▸ **PROBLEM DETAILS**: Reproduce the listing that follows in full. Omit its images.

※

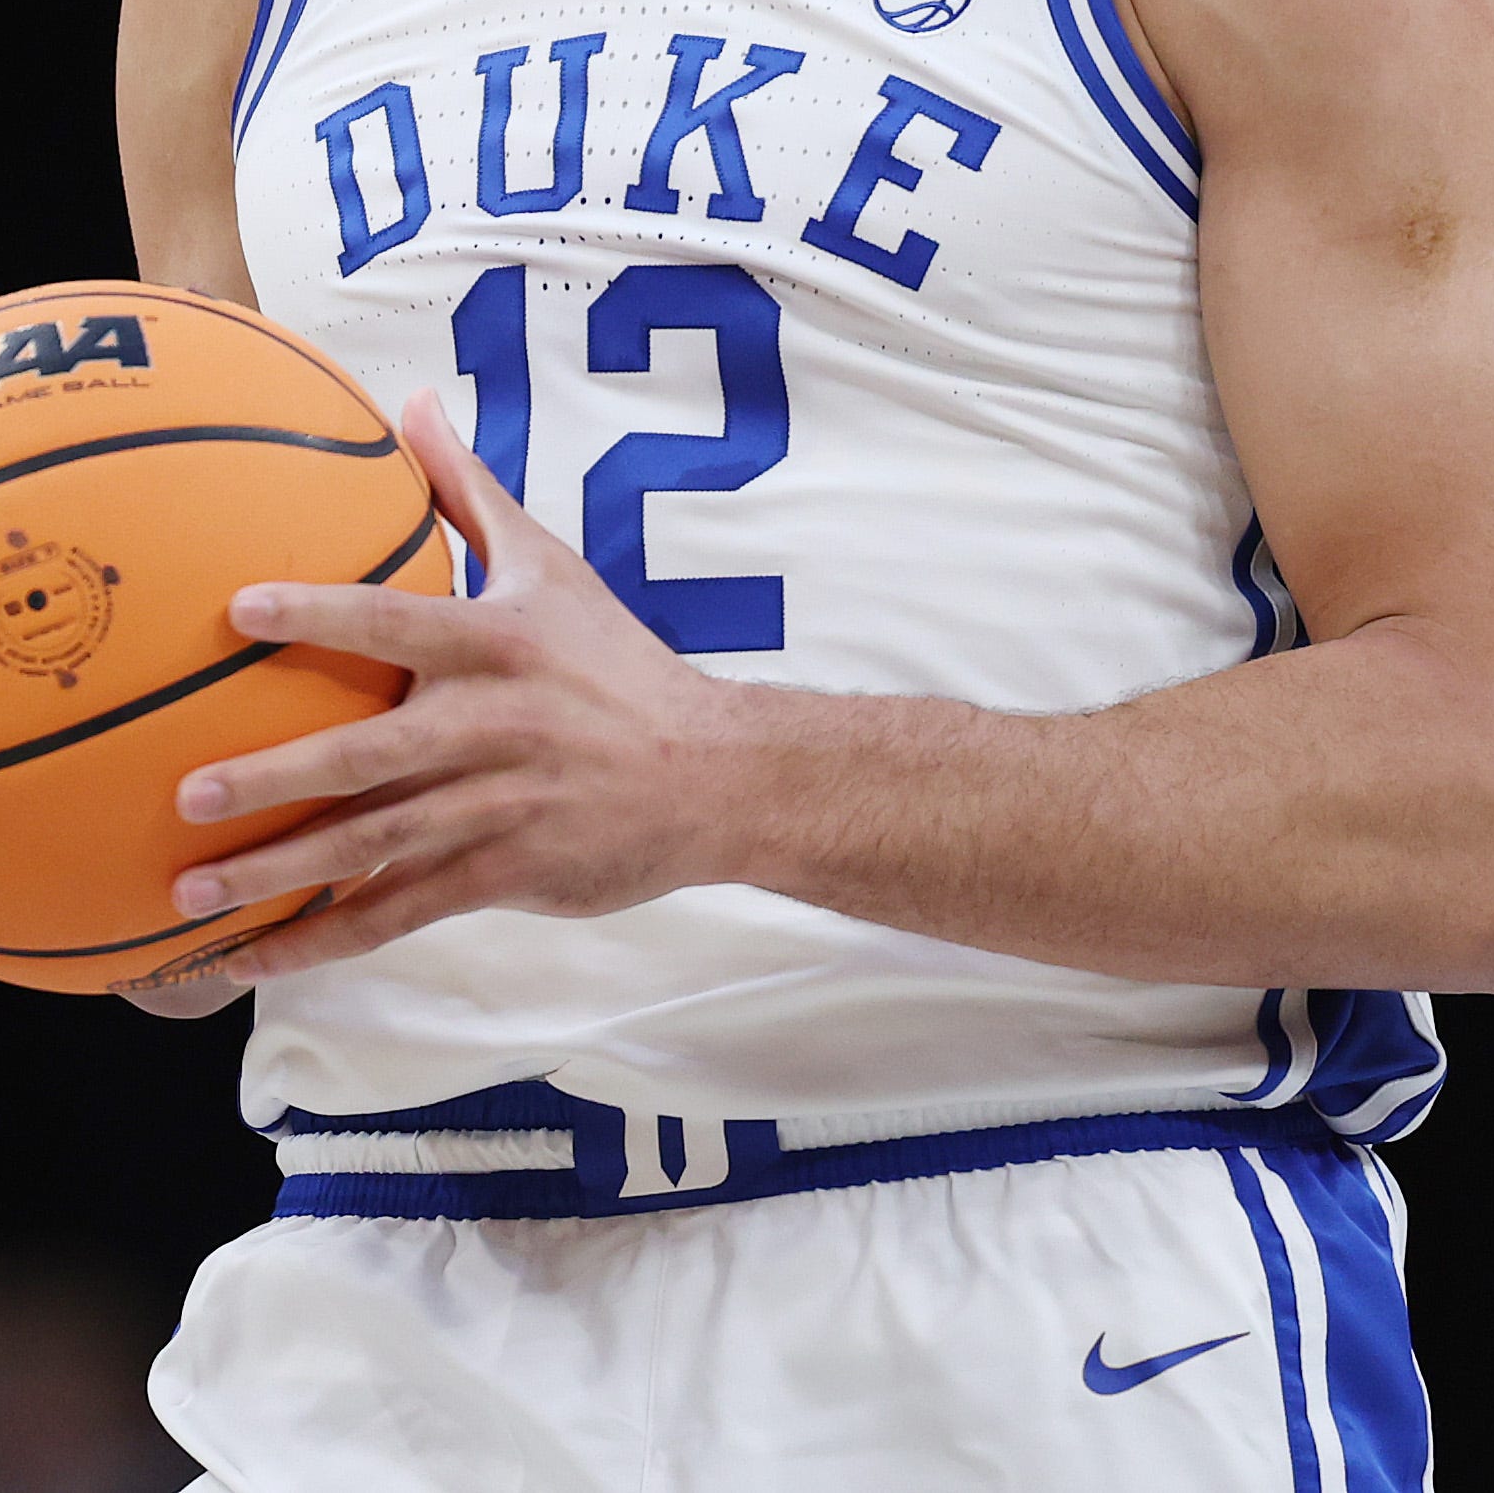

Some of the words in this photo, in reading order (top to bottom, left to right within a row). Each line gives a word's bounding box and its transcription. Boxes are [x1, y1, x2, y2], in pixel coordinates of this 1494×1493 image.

[315, 32, 1002, 292] DUKE
[63, 376, 150, 392] BALL
[451, 264, 790, 655] 12
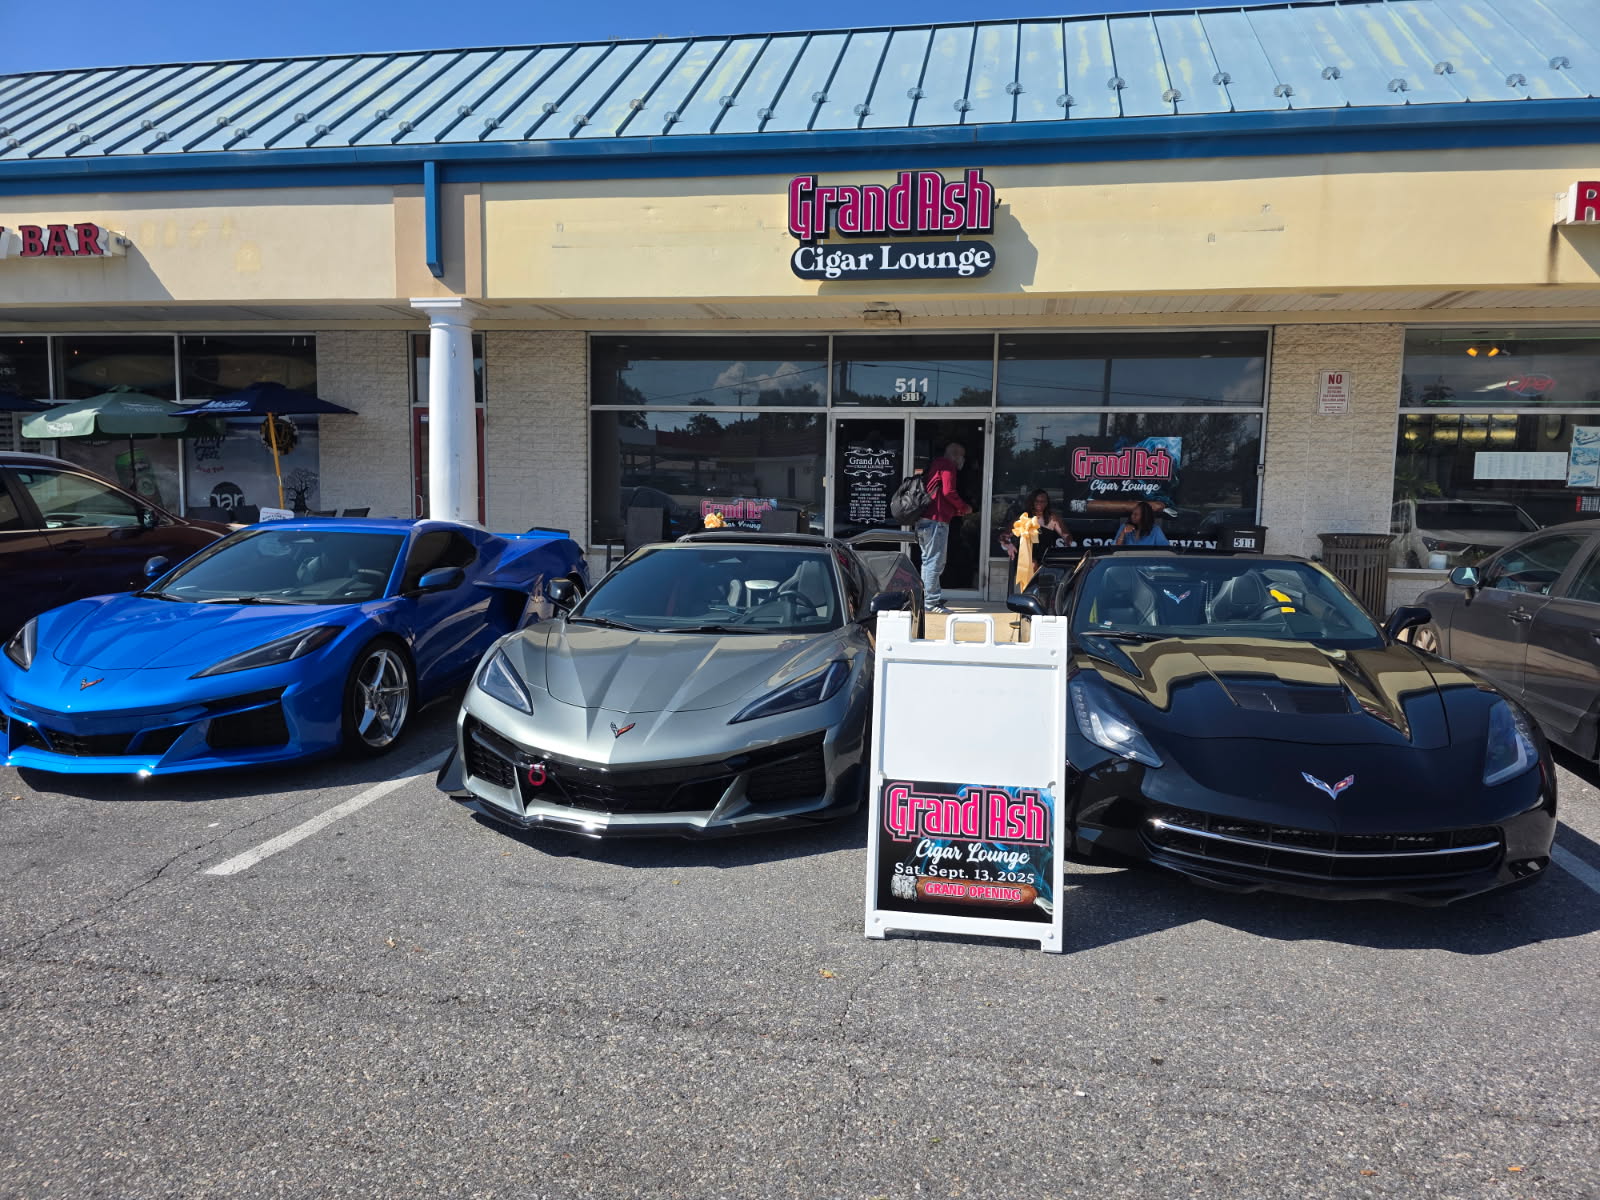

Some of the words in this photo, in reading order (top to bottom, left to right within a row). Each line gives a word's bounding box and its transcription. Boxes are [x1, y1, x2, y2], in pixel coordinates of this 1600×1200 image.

[789, 171, 912, 240] Grand
[917, 169, 992, 230] Ash
[19, 222, 104, 256] BAR
[794, 246, 874, 278] Cigar
[879, 245, 992, 276] Lounge
[894, 377, 929, 393] 511
[1328, 374, 1343, 385] NO
[902, 392, 919, 401] 511
[849, 456, 873, 465] Grand
[874, 457, 890, 465] Ash
[1073, 448, 1130, 479] Grand
[1134, 449, 1171, 478] Ash
[1090, 479, 1119, 495] Cigar
[1121, 480, 1161, 495] Lounge
[1234, 538, 1255, 549] 511
[888, 786, 981, 837] Grand
[987, 792, 1045, 841] Ash
[915, 838, 963, 865] Cigar
[966, 843, 1030, 870] Lounge
[894, 862, 925, 876] Sat.
[928, 865, 969, 879] Sept.
[974, 869, 994, 882] 13,
[997, 871, 1035, 884] 2025
[925, 882, 966, 897] GRAND
[969, 884, 1021, 900] OPENING
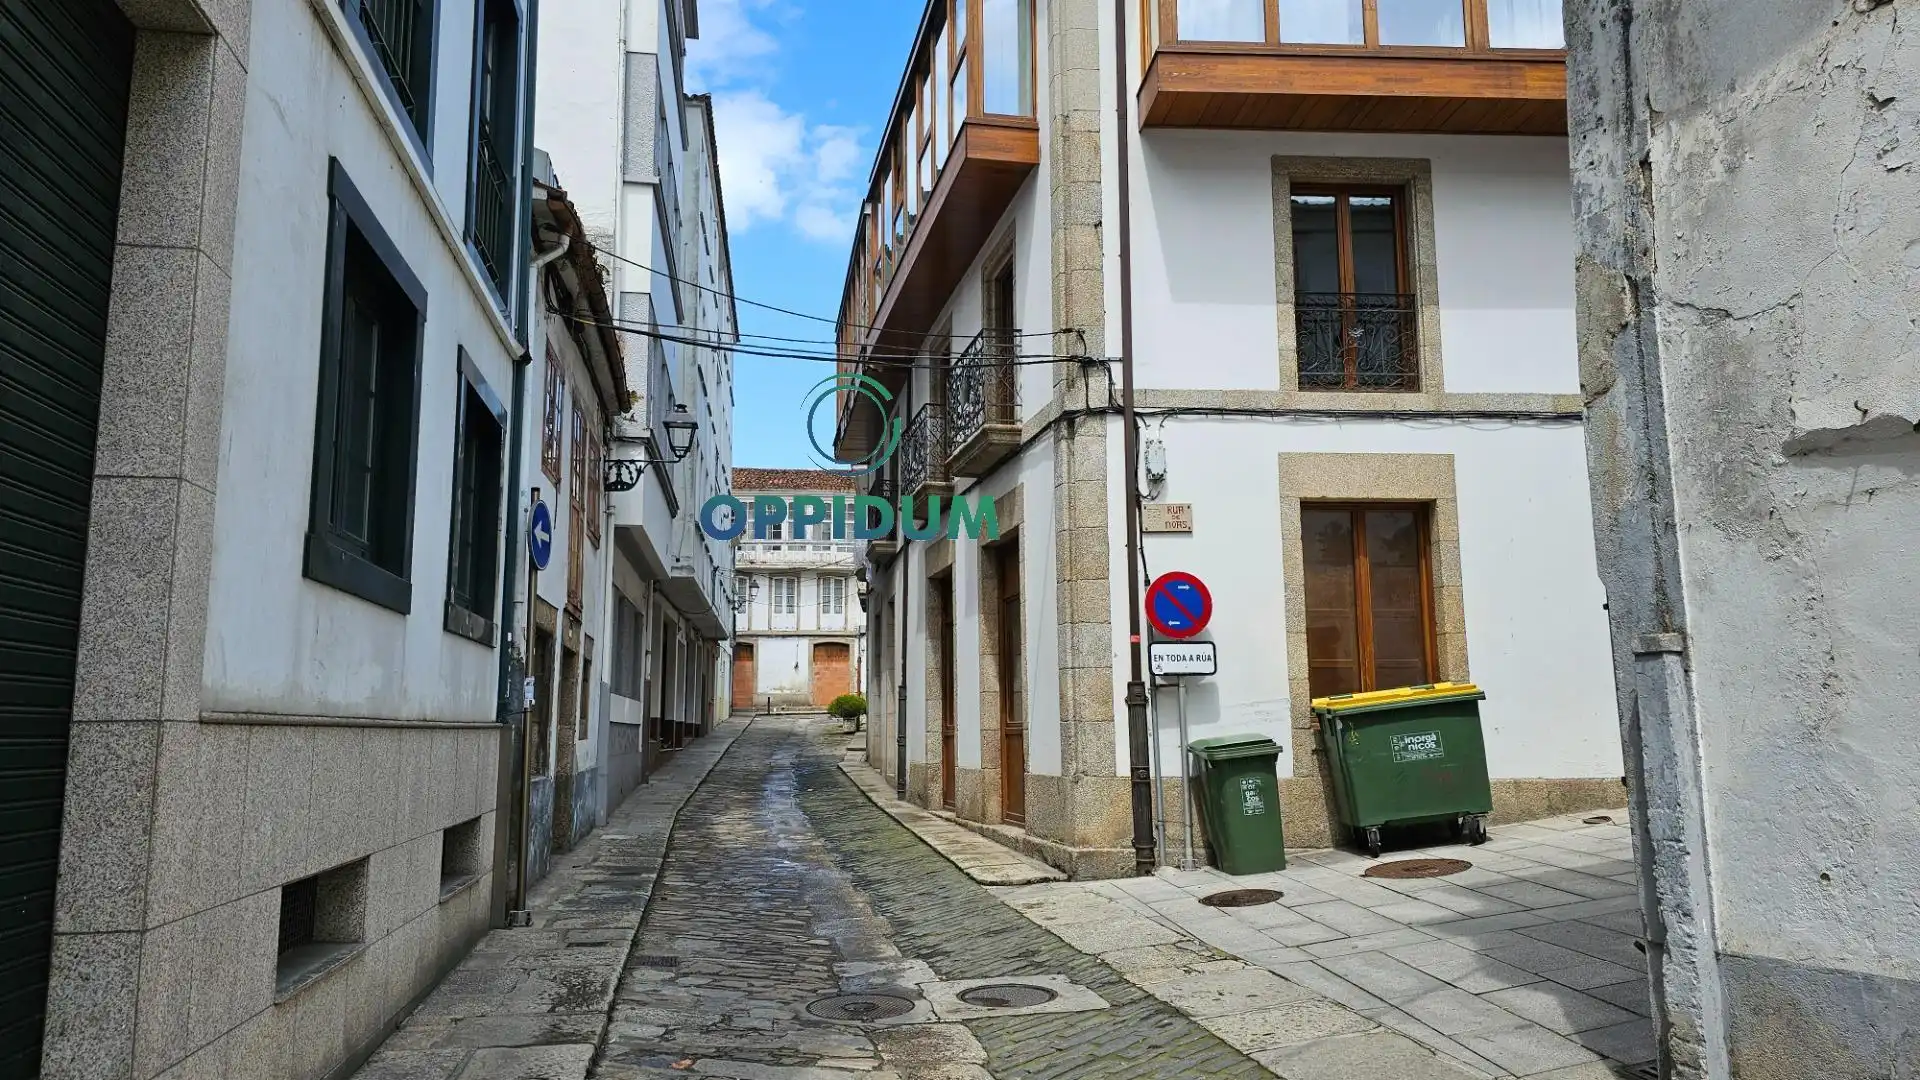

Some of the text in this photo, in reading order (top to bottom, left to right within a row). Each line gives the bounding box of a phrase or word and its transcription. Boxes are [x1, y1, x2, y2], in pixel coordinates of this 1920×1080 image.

[1153, 651, 1213, 662] EN TODA A RÚA
[1404, 732, 1437, 744] inorgá
[1408, 742, 1436, 750] nicos

※

▸ **SOLUTION FOR THIS PROBLEM**:
Some of the words in this photo, in reading order (top to bottom, left to right within a row). Each line gives a word's bounding box and its transcription. Boxes are [x1, y1, x2, y2], in pixel coordinates of this 1494×1493 image.

[315, 32, 1002, 292] DUKE
[63, 376, 150, 392] BALL
[451, 264, 790, 655] 12

Some of the words in this photo, in reading order (top to bottom, left to right within a row). Each line gives a word's bounding box and its transcription. Boxes are [x1, y1, x2, y2], in pixel coordinates of this 1600×1200 image.

[789, 171, 912, 240] Grand
[917, 169, 992, 230] Ash
[19, 222, 104, 256] BAR
[794, 246, 874, 278] Cigar
[879, 245, 992, 276] Lounge
[894, 377, 929, 393] 511
[1328, 374, 1343, 385] NO
[902, 392, 919, 401] 511
[849, 456, 873, 465] Grand
[874, 457, 890, 465] Ash
[1073, 448, 1130, 479] Grand
[1134, 449, 1171, 478] Ash
[1090, 479, 1119, 495] Cigar
[1121, 480, 1161, 495] Lounge
[1234, 538, 1255, 549] 511
[888, 786, 981, 837] Grand
[987, 792, 1045, 841] Ash
[915, 838, 963, 865] Cigar
[966, 843, 1030, 870] Lounge
[894, 862, 925, 876] Sat.
[928, 865, 969, 879] Sept.
[974, 869, 994, 882] 13,
[997, 871, 1035, 884] 2025
[925, 882, 966, 897] GRAND
[969, 884, 1021, 900] OPENING

Some of the text in this photo, in reading order (top to bottom, left to right within a row). Each line gives the bounding box of a phrase or word and its transcription. Boxes are [x1, y1, x2, y2], in pixel coordinates of this 1920×1080 image.

[1153, 651, 1213, 662] EN TODA A RÚA
[1404, 732, 1437, 744] inorgá
[1408, 742, 1436, 750] nicos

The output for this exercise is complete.